## WHAT YOU ARE ASKED TO DO
Return all the entries word for word, minus the pictures.

::::::::::

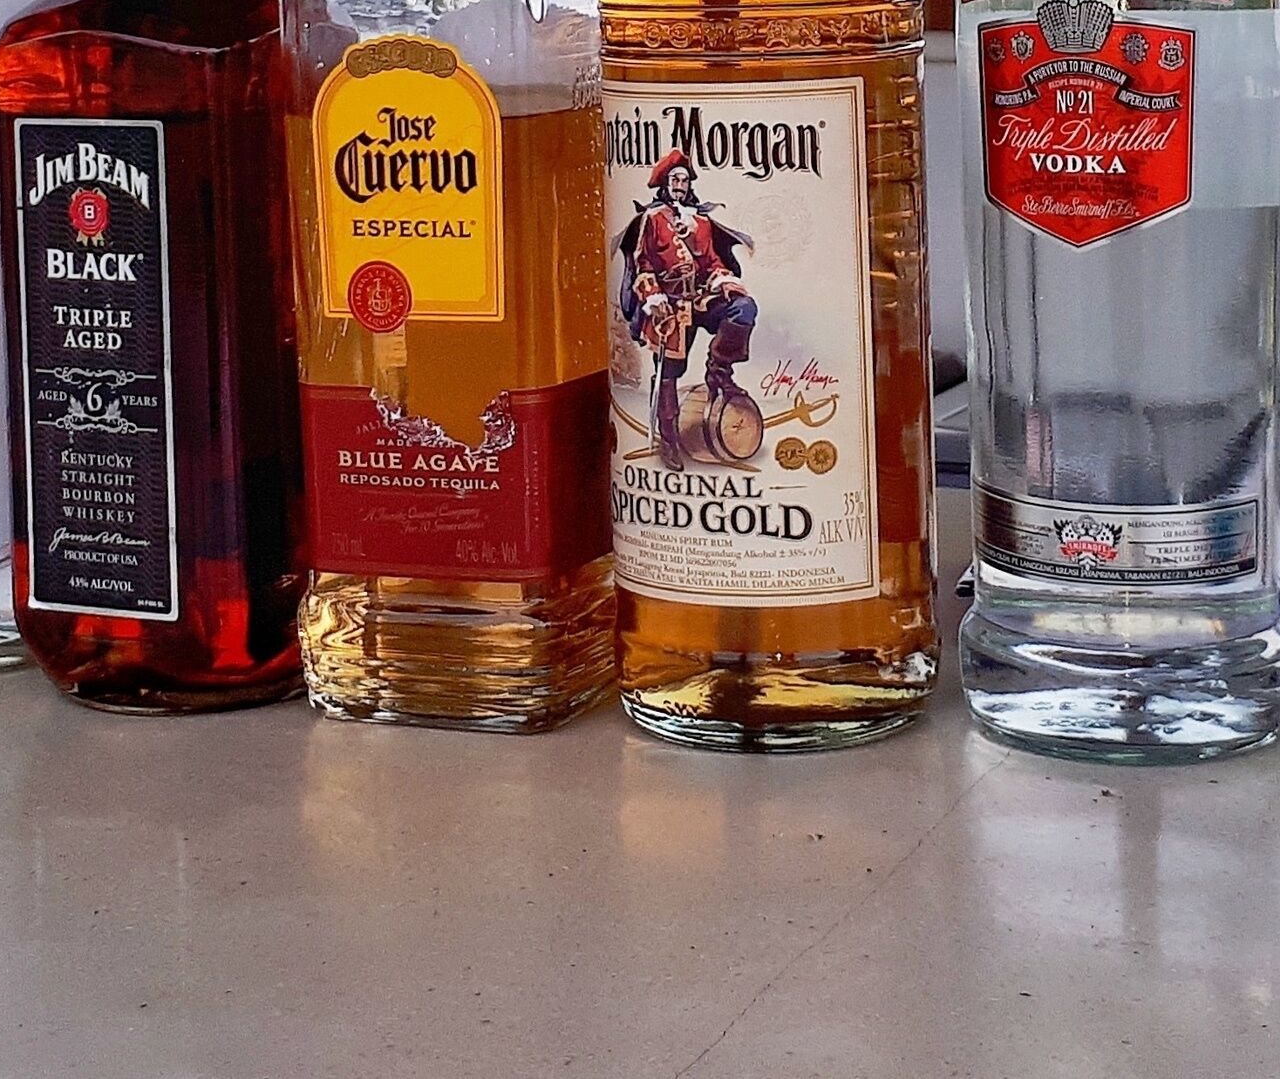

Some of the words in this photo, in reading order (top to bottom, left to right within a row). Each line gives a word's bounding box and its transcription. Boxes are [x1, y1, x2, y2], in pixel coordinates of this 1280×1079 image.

[1032, 60, 1068, 79] PURVEYOR
[1069, 60, 1079, 72] TO
[1080, 61, 1094, 74] THE
[1094, 65, 1128, 86] RUSSIAN
[1077, 90, 1094, 114] 21
[1151, 96, 1175, 109] COURT
[377, 107, 437, 148] Jose
[992, 114, 1055, 161] Triple
[1053, 117, 1178, 152] Distilled
[662, 106, 823, 181] Morgan
[334, 130, 478, 204] Cuervo
[1029, 152, 1127, 174] VODKA
[28, 151, 75, 206] JIM
[77, 143, 151, 210] BEAM
[352, 219, 472, 238] ESPECIAL
[46, 249, 137, 282] BLACK
[53, 306, 133, 329] TRIPLE
[63, 328, 122, 351] AGED
[37, 390, 68, 401] AGED
[86, 382, 103, 412] 6
[122, 395, 158, 407] YEARS
[376, 438, 413, 447] MADE
[61, 451, 134, 469] KENTUCKY
[338, 450, 403, 469] BLUE
[412, 453, 500, 473] AGAVE
[61, 470, 135, 487] STRAIGHT
[340, 473, 425, 487] REPOSADO
[429, 477, 501, 491] TEQUILA
[624, 465, 763, 498] ORIGINAL
[62, 487, 135, 505] BOURBON
[843, 491, 864, 516] 35%
[62, 506, 135, 524] WHISKEY
[612, 482, 693, 528] SPICED
[700, 501, 813, 541] GOLD
[679, 537, 709, 547] SPIRIT
[819, 519, 844, 544] ALK
[64, 549, 107, 563] PRODUCT
[107, 554, 121, 564] OF
[121, 555, 138, 566] USA
[752, 578, 807, 589] DILARANG
[777, 567, 836, 578] INDONESIA

::::::::::

## THE COMPLETED TASK
Some of the words in this photo, in reading order (top to bottom, left to right within a row). Each line gives a word's bounding box and its transcription. Boxes are [x1, y1, x2, y2], in pixel coordinates of this 1280×1079 image.

[1032, 60, 1068, 79] PURVEYOR
[1069, 60, 1079, 72] TO
[1080, 61, 1094, 74] THE
[1094, 65, 1128, 86] RUSSIAN
[1077, 90, 1094, 114] 21
[1151, 96, 1175, 109] COURT
[377, 107, 437, 148] Jose
[992, 114, 1055, 161] Triple
[1053, 117, 1178, 152] Distilled
[662, 106, 823, 181] Morgan
[334, 130, 478, 204] Cuervo
[1029, 152, 1127, 174] VODKA
[28, 151, 75, 206] JIM
[77, 143, 151, 210] BEAM
[352, 219, 472, 238] ESPECIAL
[46, 249, 137, 282] BLACK
[53, 306, 133, 329] TRIPLE
[63, 328, 122, 351] AGED
[37, 390, 68, 401] AGED
[86, 382, 103, 412] 6
[122, 395, 158, 407] YEARS
[376, 438, 413, 447] MADE
[61, 451, 134, 469] KENTUCKY
[338, 450, 403, 469] BLUE
[412, 453, 500, 473] AGAVE
[61, 470, 135, 487] STRAIGHT
[340, 473, 425, 487] REPOSADO
[429, 477, 501, 491] TEQUILA
[624, 465, 763, 498] ORIGINAL
[62, 487, 135, 505] BOURBON
[843, 491, 864, 516] 35%
[62, 506, 135, 524] WHISKEY
[612, 482, 693, 528] SPICED
[700, 501, 813, 541] GOLD
[679, 537, 709, 547] SPIRIT
[819, 519, 844, 544] ALK
[64, 549, 107, 563] PRODUCT
[107, 554, 121, 564] OF
[121, 555, 138, 566] USA
[752, 578, 807, 589] DILARANG
[777, 567, 836, 578] INDONESIA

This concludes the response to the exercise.